If you have it hooked up to an exercise app (I use Garmin) it then adjusts your intake, giving you extra calories for the exercise (including walking) you have taken part in that day.

Where I have fallen foul in the past is to have a day off, which turns into two days which turns into a week and, well, you get the picture.

I then slip into the trap of wistfully believing that having completed a 5km run, I've burnt off enough calories to eat pizza everyday for the rest of the week. 

So another goal for January is to ensure that I enter my calories every single day, even those days where I eat unhealthily and exceed my calorie allowance.

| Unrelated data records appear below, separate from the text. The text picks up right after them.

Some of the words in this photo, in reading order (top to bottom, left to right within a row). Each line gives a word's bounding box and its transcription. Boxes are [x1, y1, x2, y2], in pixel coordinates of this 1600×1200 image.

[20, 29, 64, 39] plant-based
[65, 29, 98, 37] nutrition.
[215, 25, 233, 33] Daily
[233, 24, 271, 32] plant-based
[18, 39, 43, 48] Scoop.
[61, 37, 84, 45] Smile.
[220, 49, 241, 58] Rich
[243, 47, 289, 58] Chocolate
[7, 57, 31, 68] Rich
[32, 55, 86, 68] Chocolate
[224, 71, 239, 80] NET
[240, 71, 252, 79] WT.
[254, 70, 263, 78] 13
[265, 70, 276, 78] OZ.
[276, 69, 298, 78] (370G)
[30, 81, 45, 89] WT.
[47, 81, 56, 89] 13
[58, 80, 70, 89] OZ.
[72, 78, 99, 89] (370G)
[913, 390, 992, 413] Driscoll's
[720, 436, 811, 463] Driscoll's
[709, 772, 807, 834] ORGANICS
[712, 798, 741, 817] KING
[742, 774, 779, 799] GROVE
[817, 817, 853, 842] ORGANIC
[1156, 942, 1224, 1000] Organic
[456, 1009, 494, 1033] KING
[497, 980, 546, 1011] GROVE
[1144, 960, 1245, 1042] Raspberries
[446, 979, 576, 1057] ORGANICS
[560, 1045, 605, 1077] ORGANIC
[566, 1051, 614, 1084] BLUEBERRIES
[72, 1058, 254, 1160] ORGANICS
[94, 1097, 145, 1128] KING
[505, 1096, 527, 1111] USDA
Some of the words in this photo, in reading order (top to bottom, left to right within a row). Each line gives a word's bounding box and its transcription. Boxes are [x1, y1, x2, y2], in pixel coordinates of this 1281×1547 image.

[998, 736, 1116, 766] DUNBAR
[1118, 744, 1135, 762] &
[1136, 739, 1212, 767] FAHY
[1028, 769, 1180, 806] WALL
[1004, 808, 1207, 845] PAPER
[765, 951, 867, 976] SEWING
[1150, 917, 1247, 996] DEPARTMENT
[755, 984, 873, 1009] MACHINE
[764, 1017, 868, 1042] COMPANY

It's amazing how your mindset changes when you are doing this - you soon realise that any "treats" are not treats at all and are counterproductive to your weight loss aims.

I have to confess that I have had a couple of slip ups with this. But one thing I have learnt from my friends at OYNB is that a slip up is just that. It's not a reason to abandon your attempt to create healthy new habits, so I have been persevering.


3) Fasting to get fast


Fasting is not a new concept but has entered the public weight loss consciousness in recent years, with programs such as the 5:2 diet. As I have mentioned above I am generally under my calorie goal for the day, sometimes by a significant amount.

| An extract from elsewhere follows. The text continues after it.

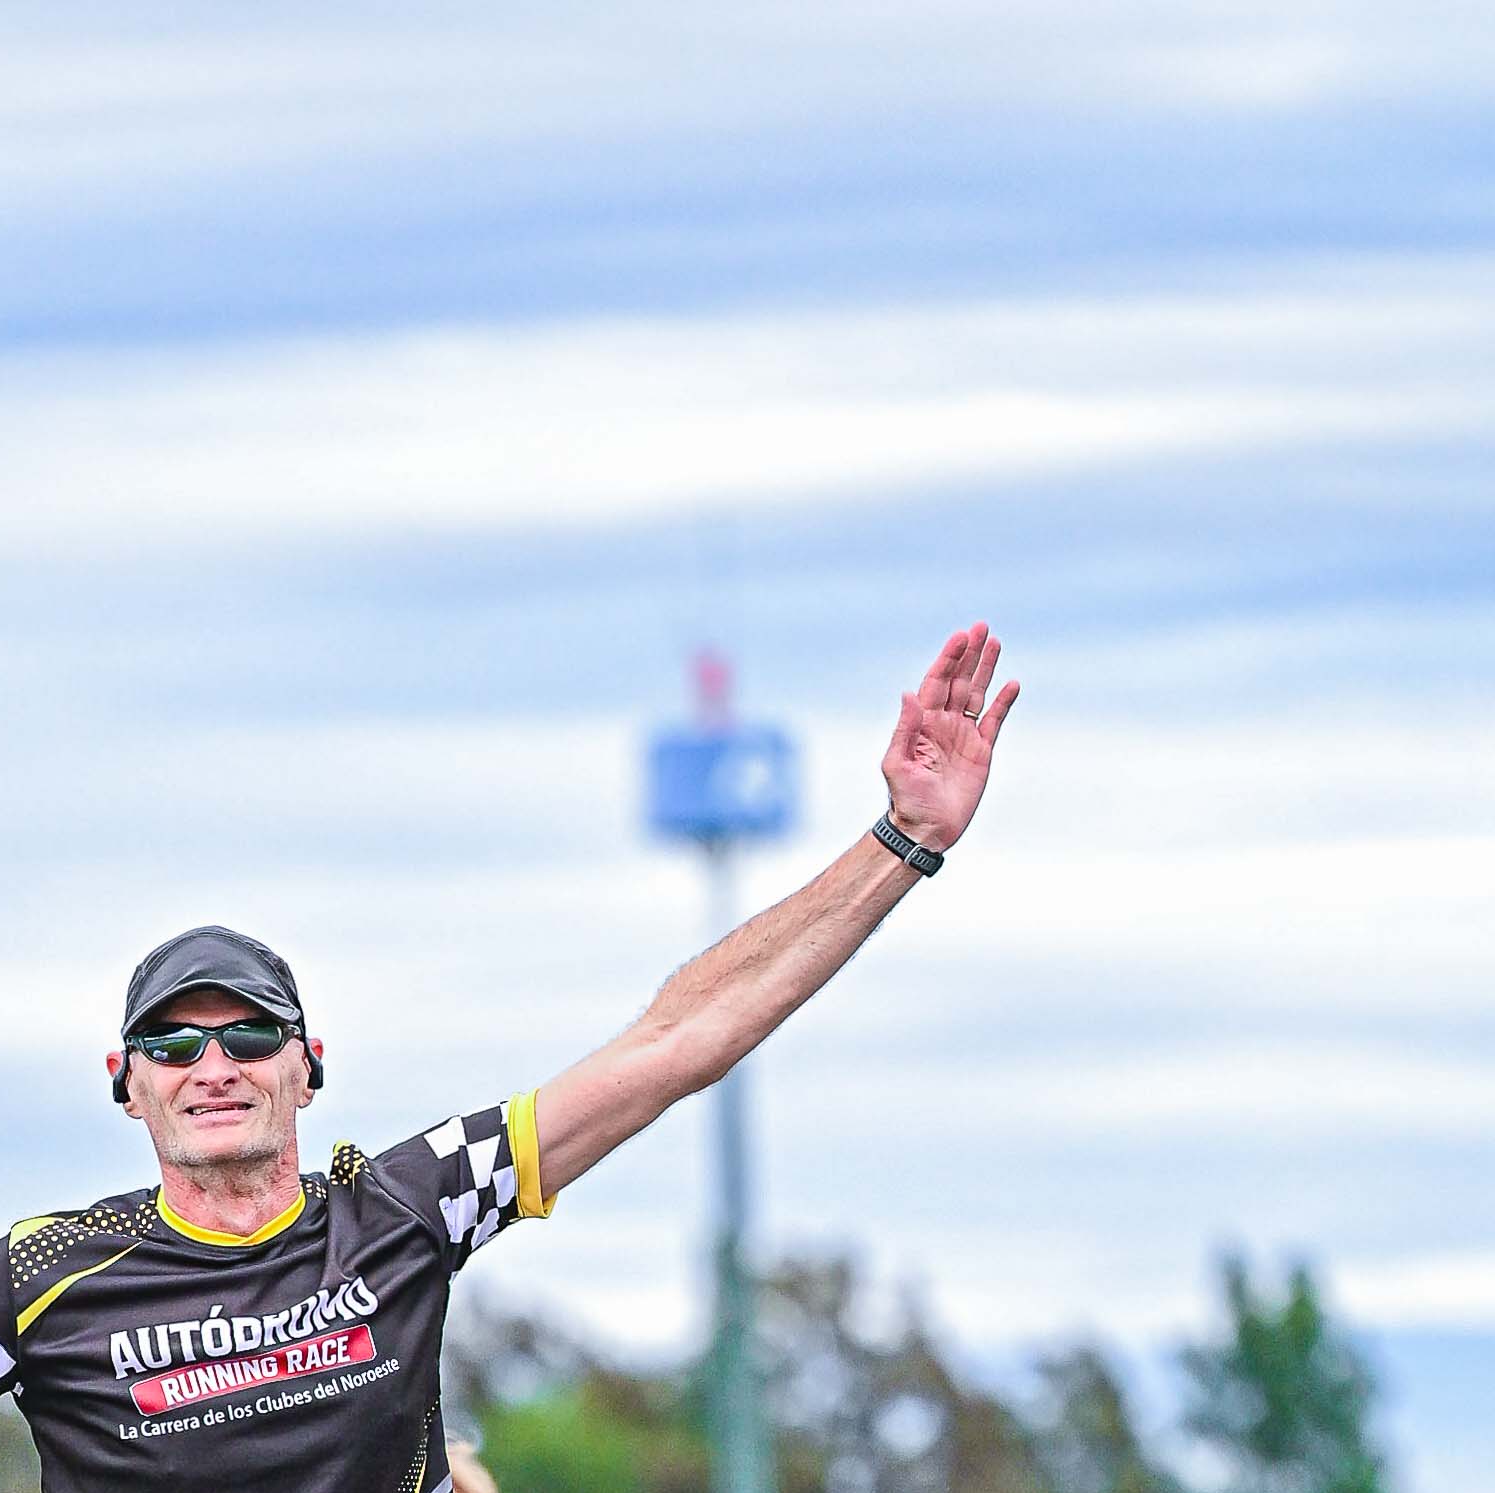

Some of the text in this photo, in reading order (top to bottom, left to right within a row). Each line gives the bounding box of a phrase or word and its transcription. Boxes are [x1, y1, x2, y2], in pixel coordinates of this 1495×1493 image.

While I do not have set days where I consciously try and stay under the type of calorie count that is suggested by the 5:2 diet, I have consciously been trying to attempt a certain type of fast, in that I do not eat after 7.30pm. 

I am a terrible evening snacker, and I know that I can easily increase my calorie intake by 50% between 7.30pm and 10pm.

Apparently the body enters the fasting state after eight hours. So I know that by restraining myself after 7.30pm I am getting a good four hours of fasting in during the early hours of the morning. 

Often I will try and fit in some light exercise (certainly nothing too intensive) before I eat breakfast, even if that's just walking the children to school, to increase the fat burning effects.

So there we have it. As I say, I am not a professional (or amateur!) dietitian or nutritionist but this three pronged approach has been more effective than anything else I have tried in the past, so it could work for you also.